But the stories the Man and Woman tell about who they are and what they know begin to mingle and blur, cross borders of time and space.

Maybe Man and Woman are what Boy and Girl will become someday, the way the title characters in Albee's "Three Tall Women" represented three ages of the same person existing simultaneously.

Or perhaps Man and Woman are some sort of malevolent spirits, bent on breaking through the cocoon of naivete and innocence that Boy and Girl try to create with the age-old plan of "and baby makes three."

Or maybe Albee is just playing existential games with everyone -- that nothing in life is real except pain. "Wounds, children, wounds," Man says. "If you have no wounds, how can you know you're alive? How can you know who you are?"

As heavy as all this sounds, "The Play About the Baby" is larded with a great deal of snarky humor. One could almost classify it as a "comedy of menace," as Harold Pinter used to describe some his early plays.

Most of the humor comes from the Man, and Walter does a superb job in the role. He handles the character's extended monologues with easy grace and style, whether recalling an embarrassing moment at a party or speculating on ideas about reality and perception (that whole bit about how it seems to take longer to reach a destination than it does to return from it).

Walter's naturalness, even as the action grows more surreal, helps ground the play, providing a solid center around which the other, more obviously theatrical characters orbit.

Barbara Murn's Woman announces herself as "theatrical," and she works hard to live up to that billing. Woman wields a variety of schticks -- broad and intentionally poor impersonations of Mae West and Groucho Marx, exaggerated body movements -- so that the quiet moments are supposed to have the impact of a shiv thrust into the heart. At times, Murn was a little too exuberant, cartoonishly so, but for the most part she makes an effective co-conspirator in Man's mischief.

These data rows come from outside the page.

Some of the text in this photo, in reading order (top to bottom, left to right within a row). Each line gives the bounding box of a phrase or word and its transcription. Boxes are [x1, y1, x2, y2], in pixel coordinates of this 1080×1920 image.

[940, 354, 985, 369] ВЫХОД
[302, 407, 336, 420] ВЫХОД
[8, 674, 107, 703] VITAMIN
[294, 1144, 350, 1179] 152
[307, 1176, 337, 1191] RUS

As Boy, Jones is saddled with some of the most embarrassingly unnatural dialogue ever penned -- an uneasy, uncomfortable melange of grown up ideas in child-like rhythms that is almost impossible to make sound convincing. When Boy is allowed to talk and act his age, Jones rises to the occasion -- the story about the broken arm, for example, or the separate pleas to be spared from being "injured beyond salvation."

While the baby is the focus of everyone's conversation, the heart and mind of the Girl is the real battleground. She's truly a blank slate -- she's the only character who has no memories, who pays no attention to the audience, who should have the most direct and personal connection to the baby. Stefan plays Girl with a sweet naivete, never becoming cloying or vapid.

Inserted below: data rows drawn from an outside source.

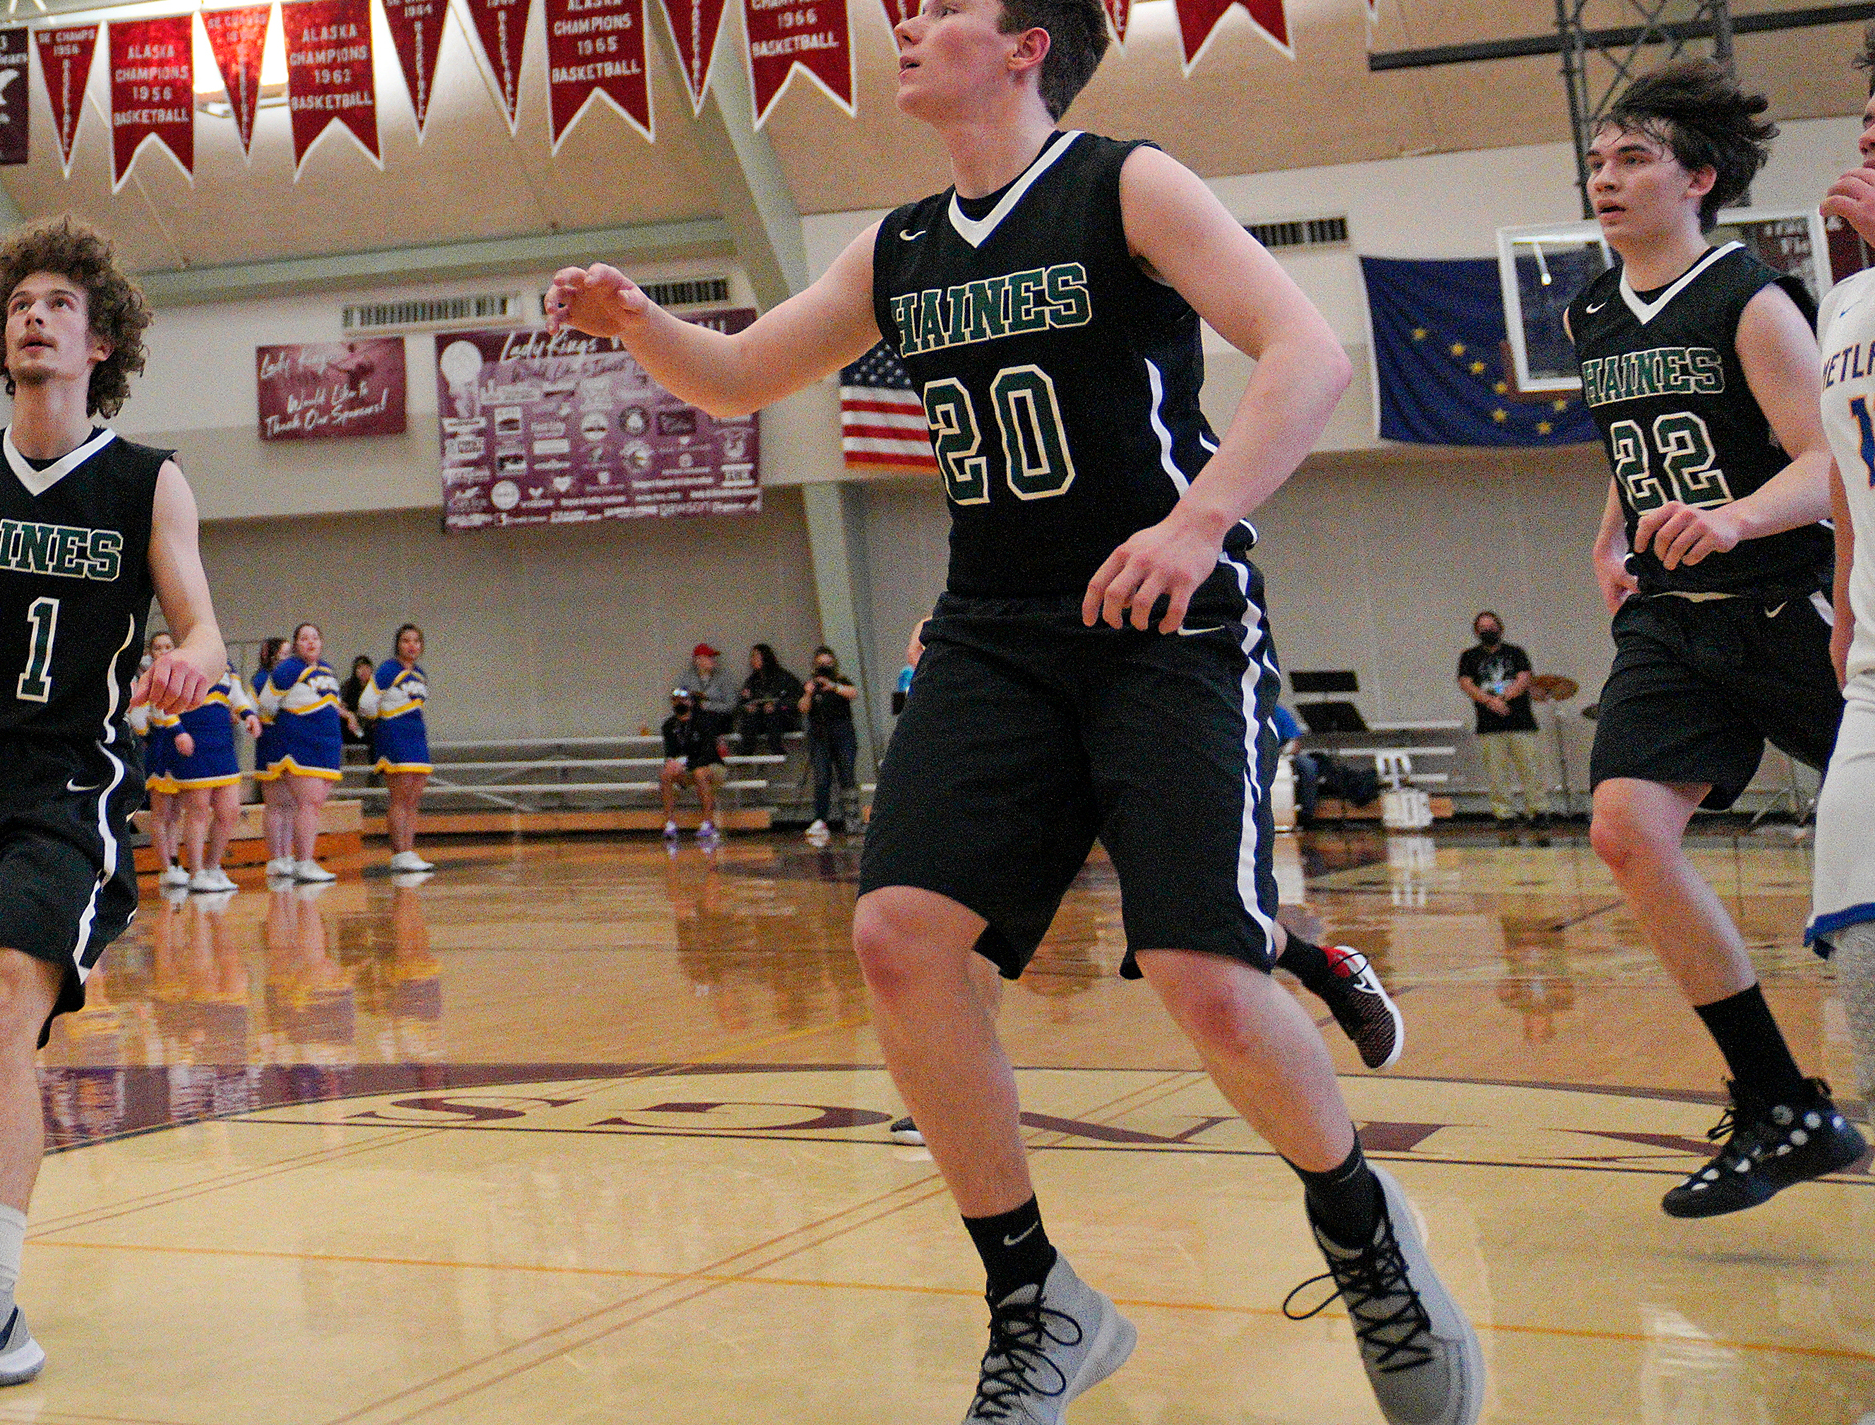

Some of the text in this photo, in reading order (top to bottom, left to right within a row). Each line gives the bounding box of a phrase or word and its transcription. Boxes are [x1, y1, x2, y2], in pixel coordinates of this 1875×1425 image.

[554, 12, 632, 36] CHAMPIONS
[777, 7, 817, 29] 1966
[302, 23, 358, 43] ALASKA
[752, 30, 839, 57] BASKETBALL
[127, 45, 175, 60] ALASKA
[289, 45, 368, 67] CHAMPIONS
[577, 36, 618, 56] 1965
[114, 66, 189, 83] CHAMPIONS
[552, 59, 642, 84] BASKETBALL
[132, 86, 173, 102] 1956
[291, 90, 373, 111] BASKETBALL
[114, 108, 190, 126] BASKETBALL
[890, 261, 1092, 358] HAINES
[501, 330, 544, 365] Lady
[1581, 346, 1725, 408] HAINES
[923, 363, 1076, 506] 20
[1609, 411, 1735, 516] 22

As hard as the actors work, they cannot quite overcome the principal problem with this production -- a problem created by director Corey Douglas' decision to alter slightly the opening scene.

Albee has the play begin with an obviously pregnant girl announcing "I'm going to have the baby now," then walking off-stage to do just that, returning a moment later noticeably unpregnant to say, "There." Douglas' staging has this scene begin in darkness, on stage, the lights slowly coming up to show Girl miming childbirth.

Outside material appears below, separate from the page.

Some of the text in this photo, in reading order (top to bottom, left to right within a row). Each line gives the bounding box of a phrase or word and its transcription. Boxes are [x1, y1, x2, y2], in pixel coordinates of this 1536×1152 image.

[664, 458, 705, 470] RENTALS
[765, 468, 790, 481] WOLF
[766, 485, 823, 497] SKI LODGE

By making this change, Douglas undermines the point of the play. It matters that the baby be real from the start, regardless of what happens as the play unfolds. If there's no baby, there is no threat. Yes, a real baby makes the machinations of the Man and Woman morally and emotionally disturbing -- but that's what Albee is after in this play.

"The Play About the Baby" is very much an evening of adult entertainment -- the language and situations make it inappropriate for young audiences. It continues at 8 p.m. Saturday at the Nightingale Theater, 1416 E. Fourth St.; call 857-9154 for ticket information.

James D. Watts Jr., World entertainment writer, can be reached at 581-8478 or via e-mail at james.watts@tulsaworld.com.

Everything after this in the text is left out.